Nous évoquons ensuite les nombreux déplacements du couple : Biarritz pour le voyage de noces, Saint-Raphaël pour les vacances mais aussi Londres où Picasso a réalisé un rideau de scène du ballet « Le Tricorne » de Diaghilev. Il nous montre aussi des dessins des danseuses : certains très réalistes ( que j’aime beaucoup), d’autres beaucoup plus stylisés avec des membres enflés – un peu à la Renoir – ou d’une inspiration carrément cubiste (qui me sort par les yeux).
De mon côté, à la demande insistante d’Olga, je finis par dérouler, sur la table basse et dans un grand silence, deux œuvres de mon père.
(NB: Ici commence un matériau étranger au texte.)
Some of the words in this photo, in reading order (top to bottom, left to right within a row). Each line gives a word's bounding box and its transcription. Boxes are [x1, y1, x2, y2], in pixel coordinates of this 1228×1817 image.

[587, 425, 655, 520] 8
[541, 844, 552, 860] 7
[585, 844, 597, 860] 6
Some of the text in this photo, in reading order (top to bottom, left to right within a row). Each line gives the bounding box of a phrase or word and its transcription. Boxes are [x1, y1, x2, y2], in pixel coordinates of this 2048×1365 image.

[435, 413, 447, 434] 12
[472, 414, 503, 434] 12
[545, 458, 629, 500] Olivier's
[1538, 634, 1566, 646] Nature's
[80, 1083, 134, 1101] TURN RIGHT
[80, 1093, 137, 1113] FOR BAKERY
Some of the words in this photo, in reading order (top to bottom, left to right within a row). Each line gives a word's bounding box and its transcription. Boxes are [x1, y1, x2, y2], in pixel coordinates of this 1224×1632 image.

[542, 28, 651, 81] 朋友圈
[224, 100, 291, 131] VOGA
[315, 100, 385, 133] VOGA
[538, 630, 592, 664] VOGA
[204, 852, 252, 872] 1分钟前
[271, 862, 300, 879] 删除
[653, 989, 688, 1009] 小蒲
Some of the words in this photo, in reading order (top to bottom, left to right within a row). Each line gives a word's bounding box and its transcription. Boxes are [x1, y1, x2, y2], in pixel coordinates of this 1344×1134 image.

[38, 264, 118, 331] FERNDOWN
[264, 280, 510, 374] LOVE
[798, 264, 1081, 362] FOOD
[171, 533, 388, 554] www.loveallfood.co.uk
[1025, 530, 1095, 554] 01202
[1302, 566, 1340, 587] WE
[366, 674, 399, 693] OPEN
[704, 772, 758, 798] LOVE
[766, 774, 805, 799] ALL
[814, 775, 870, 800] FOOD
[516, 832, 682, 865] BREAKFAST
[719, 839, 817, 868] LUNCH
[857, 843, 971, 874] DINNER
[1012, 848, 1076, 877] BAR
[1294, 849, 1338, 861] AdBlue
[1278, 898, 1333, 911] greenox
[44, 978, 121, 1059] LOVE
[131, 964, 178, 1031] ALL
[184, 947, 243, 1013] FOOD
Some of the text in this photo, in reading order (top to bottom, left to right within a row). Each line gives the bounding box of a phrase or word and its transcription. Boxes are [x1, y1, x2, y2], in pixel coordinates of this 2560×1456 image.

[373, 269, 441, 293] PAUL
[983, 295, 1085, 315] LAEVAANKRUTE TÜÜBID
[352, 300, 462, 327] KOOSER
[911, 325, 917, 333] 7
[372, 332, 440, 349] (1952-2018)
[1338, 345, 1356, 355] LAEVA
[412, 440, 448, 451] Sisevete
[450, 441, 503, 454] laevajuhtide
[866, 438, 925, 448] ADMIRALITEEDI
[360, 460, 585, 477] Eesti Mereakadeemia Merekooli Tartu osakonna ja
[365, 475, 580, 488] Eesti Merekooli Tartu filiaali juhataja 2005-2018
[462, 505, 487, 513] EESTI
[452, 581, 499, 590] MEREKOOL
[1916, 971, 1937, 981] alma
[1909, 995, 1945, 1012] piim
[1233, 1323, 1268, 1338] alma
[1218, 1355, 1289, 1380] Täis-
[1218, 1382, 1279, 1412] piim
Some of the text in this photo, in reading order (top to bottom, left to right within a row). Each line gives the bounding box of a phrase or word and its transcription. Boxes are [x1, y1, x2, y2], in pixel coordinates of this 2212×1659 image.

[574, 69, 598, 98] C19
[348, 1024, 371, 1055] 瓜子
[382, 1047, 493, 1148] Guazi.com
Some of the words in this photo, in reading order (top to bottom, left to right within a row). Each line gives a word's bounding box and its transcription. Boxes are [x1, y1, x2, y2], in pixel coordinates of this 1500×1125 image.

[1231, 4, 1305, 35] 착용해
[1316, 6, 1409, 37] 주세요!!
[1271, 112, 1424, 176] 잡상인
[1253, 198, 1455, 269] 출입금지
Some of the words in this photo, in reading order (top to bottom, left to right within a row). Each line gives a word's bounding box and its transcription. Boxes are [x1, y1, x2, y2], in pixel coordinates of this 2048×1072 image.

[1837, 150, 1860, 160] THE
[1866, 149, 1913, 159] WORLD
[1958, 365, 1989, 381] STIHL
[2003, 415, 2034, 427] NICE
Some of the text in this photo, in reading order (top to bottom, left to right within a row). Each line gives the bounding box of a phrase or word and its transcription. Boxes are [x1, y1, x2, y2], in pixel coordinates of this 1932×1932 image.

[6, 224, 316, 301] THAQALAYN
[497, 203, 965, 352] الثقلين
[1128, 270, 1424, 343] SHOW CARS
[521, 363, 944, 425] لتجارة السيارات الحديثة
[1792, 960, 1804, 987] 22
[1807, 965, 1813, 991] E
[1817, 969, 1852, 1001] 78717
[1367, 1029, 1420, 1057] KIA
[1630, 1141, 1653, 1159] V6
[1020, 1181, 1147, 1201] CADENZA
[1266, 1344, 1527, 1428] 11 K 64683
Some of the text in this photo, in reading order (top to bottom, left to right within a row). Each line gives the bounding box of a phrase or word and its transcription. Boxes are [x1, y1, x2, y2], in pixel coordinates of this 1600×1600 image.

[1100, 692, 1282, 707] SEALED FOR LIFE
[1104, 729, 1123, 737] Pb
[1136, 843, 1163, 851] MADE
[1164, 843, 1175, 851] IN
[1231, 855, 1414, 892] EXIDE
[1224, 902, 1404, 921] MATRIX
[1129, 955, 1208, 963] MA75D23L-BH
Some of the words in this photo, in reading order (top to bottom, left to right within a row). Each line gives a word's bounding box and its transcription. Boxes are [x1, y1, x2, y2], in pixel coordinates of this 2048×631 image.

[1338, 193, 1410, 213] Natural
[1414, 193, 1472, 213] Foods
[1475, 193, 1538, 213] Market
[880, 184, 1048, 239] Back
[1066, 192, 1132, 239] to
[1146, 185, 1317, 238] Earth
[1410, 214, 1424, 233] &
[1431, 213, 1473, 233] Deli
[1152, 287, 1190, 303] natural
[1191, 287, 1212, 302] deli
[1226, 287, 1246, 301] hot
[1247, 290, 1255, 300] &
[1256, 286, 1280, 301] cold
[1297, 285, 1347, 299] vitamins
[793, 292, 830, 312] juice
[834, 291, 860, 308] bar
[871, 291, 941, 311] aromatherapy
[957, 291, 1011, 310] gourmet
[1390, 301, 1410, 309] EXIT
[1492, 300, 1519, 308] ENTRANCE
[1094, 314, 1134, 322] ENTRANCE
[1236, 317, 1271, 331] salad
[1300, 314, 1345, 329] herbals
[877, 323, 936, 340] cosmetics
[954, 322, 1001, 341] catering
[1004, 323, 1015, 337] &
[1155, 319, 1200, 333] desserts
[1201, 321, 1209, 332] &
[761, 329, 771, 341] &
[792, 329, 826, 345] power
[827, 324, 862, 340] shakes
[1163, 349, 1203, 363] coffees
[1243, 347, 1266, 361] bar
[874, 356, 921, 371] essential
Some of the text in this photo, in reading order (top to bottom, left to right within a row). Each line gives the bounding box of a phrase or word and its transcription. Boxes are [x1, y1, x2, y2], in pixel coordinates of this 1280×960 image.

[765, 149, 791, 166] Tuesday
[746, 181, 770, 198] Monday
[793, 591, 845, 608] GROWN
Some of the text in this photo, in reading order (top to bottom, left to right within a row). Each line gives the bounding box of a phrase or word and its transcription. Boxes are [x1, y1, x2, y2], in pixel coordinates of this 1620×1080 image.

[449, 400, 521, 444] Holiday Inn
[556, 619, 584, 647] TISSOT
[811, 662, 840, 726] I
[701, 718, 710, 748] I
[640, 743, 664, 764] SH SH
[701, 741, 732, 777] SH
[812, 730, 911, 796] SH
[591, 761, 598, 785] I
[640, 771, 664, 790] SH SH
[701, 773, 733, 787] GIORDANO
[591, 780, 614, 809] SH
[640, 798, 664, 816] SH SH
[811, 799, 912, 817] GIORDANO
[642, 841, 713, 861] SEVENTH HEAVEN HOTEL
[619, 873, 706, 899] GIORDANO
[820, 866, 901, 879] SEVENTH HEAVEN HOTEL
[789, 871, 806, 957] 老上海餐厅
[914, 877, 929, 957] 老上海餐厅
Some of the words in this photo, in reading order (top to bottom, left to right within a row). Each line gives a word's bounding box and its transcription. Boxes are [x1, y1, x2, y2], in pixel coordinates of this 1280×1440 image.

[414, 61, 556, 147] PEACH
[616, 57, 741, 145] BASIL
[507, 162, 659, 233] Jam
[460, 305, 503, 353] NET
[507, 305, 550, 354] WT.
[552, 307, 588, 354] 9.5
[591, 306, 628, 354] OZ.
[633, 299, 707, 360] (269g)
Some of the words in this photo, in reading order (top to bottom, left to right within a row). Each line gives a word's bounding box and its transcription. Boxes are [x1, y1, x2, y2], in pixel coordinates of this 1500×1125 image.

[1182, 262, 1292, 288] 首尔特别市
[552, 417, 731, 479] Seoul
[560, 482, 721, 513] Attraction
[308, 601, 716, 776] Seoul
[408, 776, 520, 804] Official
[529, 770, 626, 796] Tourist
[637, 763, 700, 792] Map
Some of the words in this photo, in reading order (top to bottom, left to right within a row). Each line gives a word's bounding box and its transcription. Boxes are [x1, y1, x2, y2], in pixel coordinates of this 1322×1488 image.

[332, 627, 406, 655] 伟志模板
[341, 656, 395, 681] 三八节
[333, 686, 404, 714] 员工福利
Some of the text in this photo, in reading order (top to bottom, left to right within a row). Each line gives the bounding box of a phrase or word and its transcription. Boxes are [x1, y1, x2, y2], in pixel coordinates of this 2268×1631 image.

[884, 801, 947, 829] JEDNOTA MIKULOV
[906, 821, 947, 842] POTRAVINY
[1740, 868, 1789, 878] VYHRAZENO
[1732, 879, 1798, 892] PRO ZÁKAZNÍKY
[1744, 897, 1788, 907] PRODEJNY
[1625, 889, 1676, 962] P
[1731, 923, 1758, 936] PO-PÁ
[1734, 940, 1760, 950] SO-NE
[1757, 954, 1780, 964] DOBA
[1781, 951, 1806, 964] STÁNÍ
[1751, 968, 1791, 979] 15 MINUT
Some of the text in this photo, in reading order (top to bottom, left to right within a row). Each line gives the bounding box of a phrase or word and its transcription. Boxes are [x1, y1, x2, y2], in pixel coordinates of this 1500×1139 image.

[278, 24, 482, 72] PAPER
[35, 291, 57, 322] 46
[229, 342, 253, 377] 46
Moment terrible où le regard aigu de Picasso va se poser sur le pastel à l’huile et l’aquarelle de ce cher Papa.
Quel sera le jugement du maître ?
Olga sent immédiatement mon anxiété et se laisse aller alors, avec une pointe de brusquerie, à sa propre appréciation, sur un ton impérieux qui interdit, de fait, à son époux de se prononcer. Et c’est avec un délicieux accent slave qu’elle s’exclame : » Da, c’est très beau ! De la couleur, du mouvement, le regard est attiré à chaque fois par un chemin ou une ligne de fuite qui incite à la rêverie ! C’est chaleureux, j’aime énormément ! Tu sais quoi, Olivier ? Nous allons décrocher quelques toiles de Renoir de nos murs parce qu’elles ont un peu vieilli et les remplacer par ces deux magnifiques œuvres de votre Papa ! »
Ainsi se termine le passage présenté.